**Task prompt:**
Extract the records below word for word and ignore the images.

**Extracted data:**

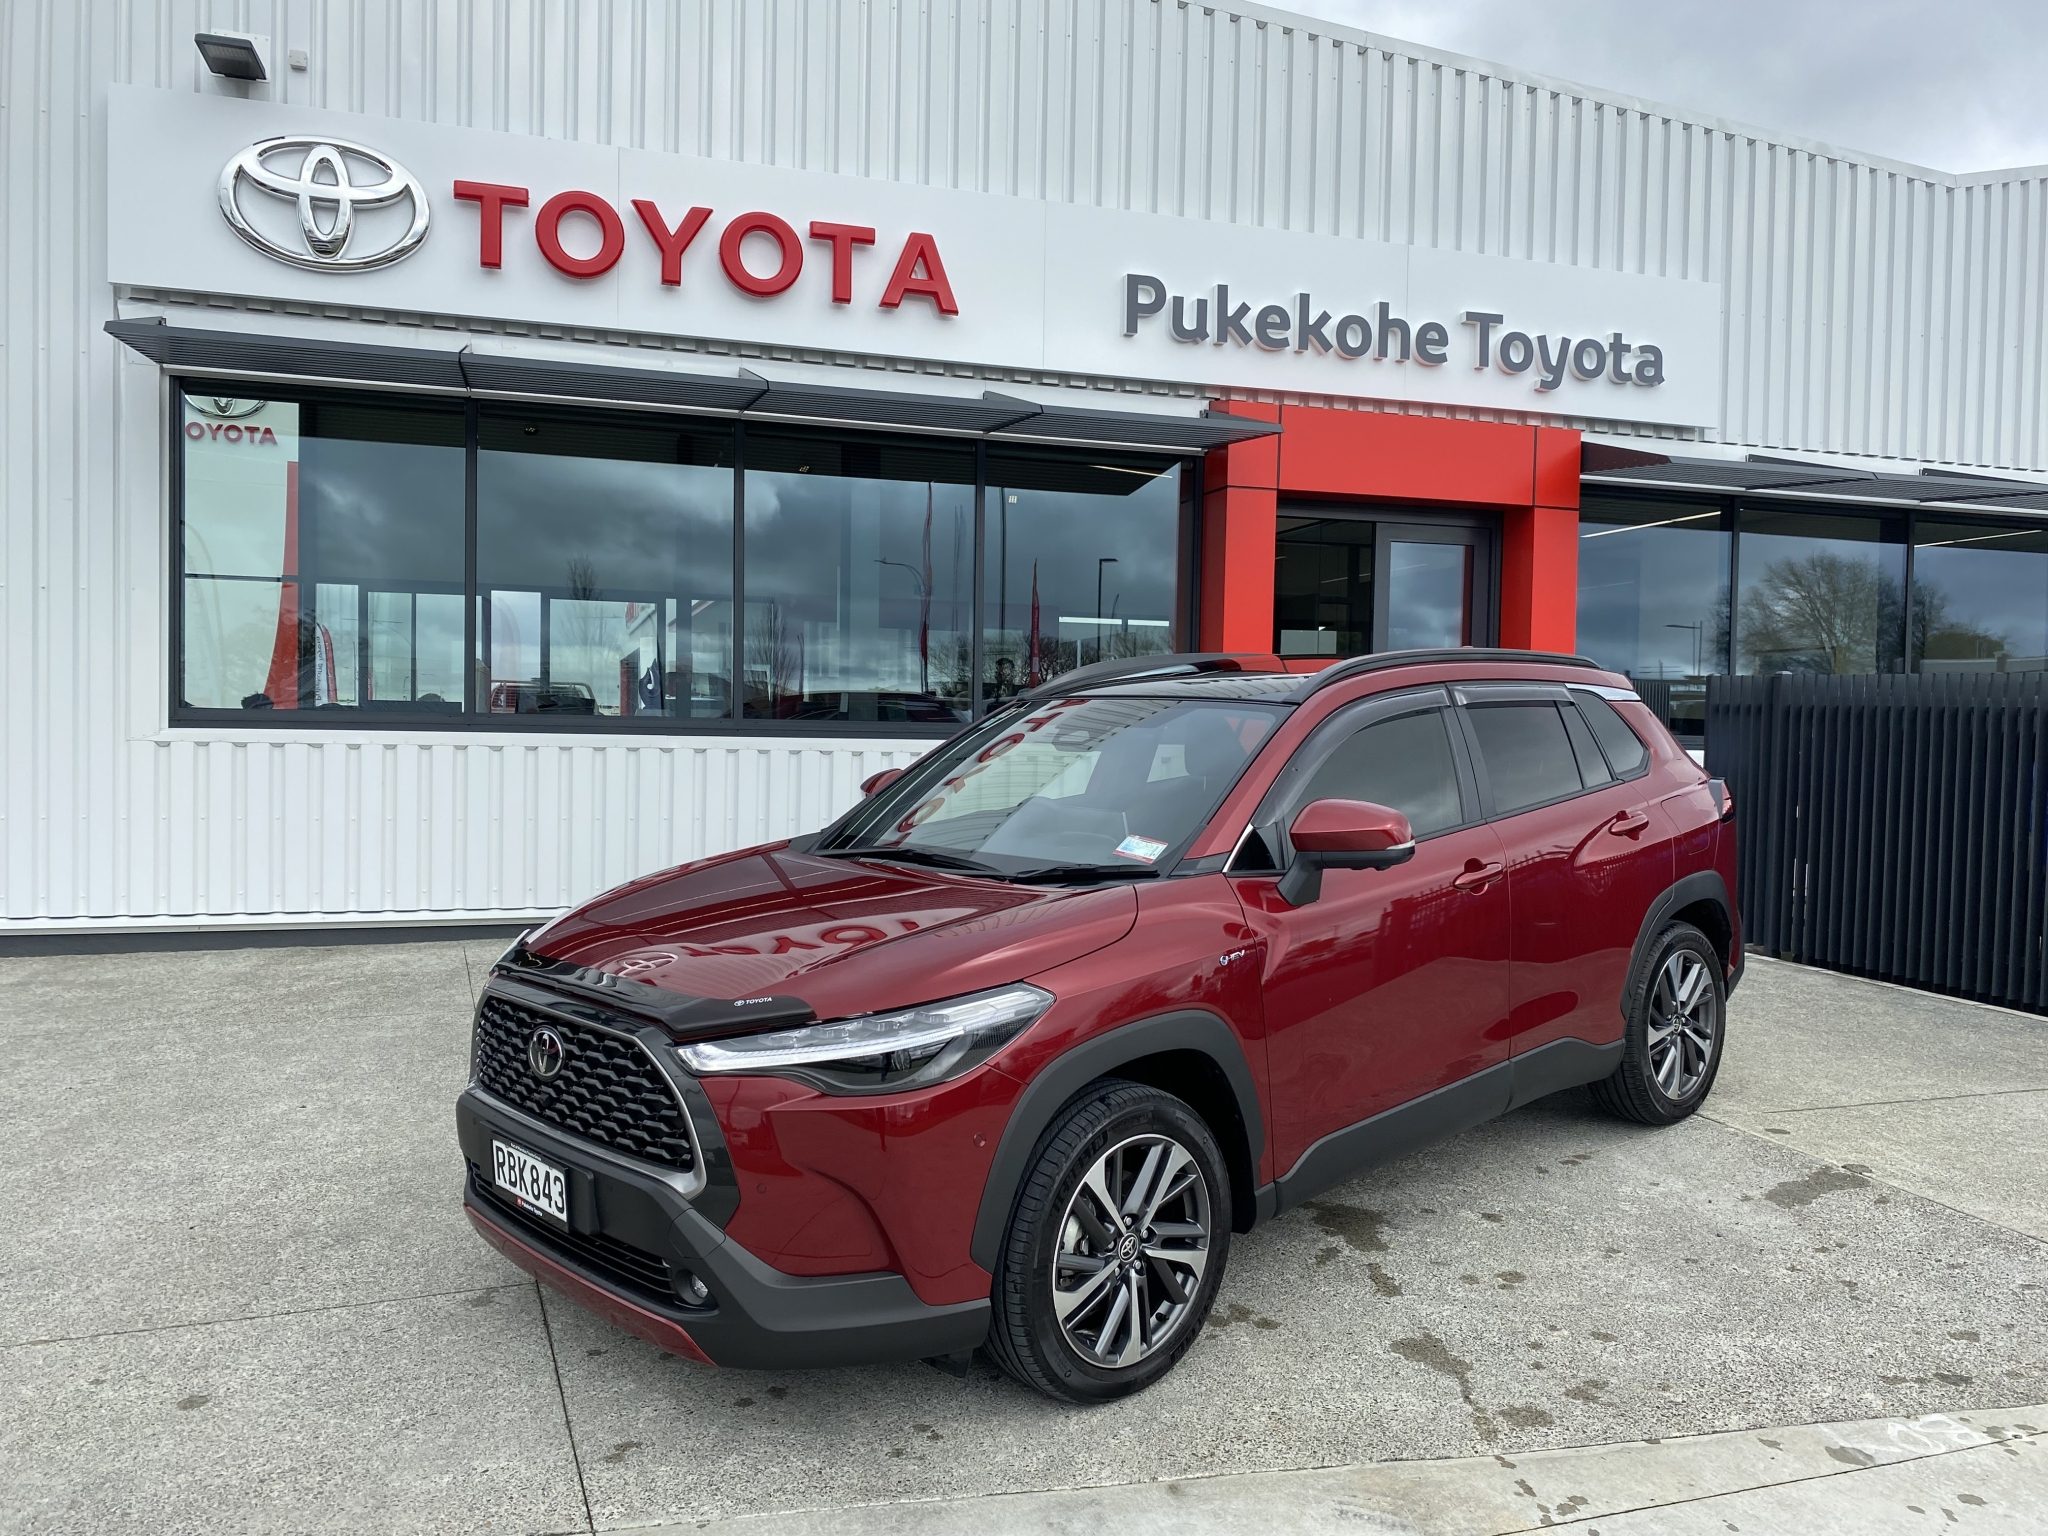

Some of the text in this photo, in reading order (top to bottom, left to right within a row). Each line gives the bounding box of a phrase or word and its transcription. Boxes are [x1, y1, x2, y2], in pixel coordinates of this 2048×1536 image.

[453, 179, 960, 317] TOYOTA
[1122, 273, 1665, 392] Pukekohe Toyota
[185, 421, 278, 446] OYOTA
[745, 996, 773, 1006] TOYOTA
[495, 1145, 566, 1215] RBK843

**Final answer:**
Some of the text in this photo, in reading order (top to bottom, left to right within a row). Each line gives the bounding box of a phrase or word and its transcription. Boxes are [x1, y1, x2, y2], in pixel coordinates of this 2048×1536 image.

[453, 179, 960, 317] TOYOTA
[1122, 273, 1665, 392] Pukekohe Toyota
[185, 421, 278, 446] OYOTA
[745, 996, 773, 1006] TOYOTA
[495, 1145, 566, 1215] RBK843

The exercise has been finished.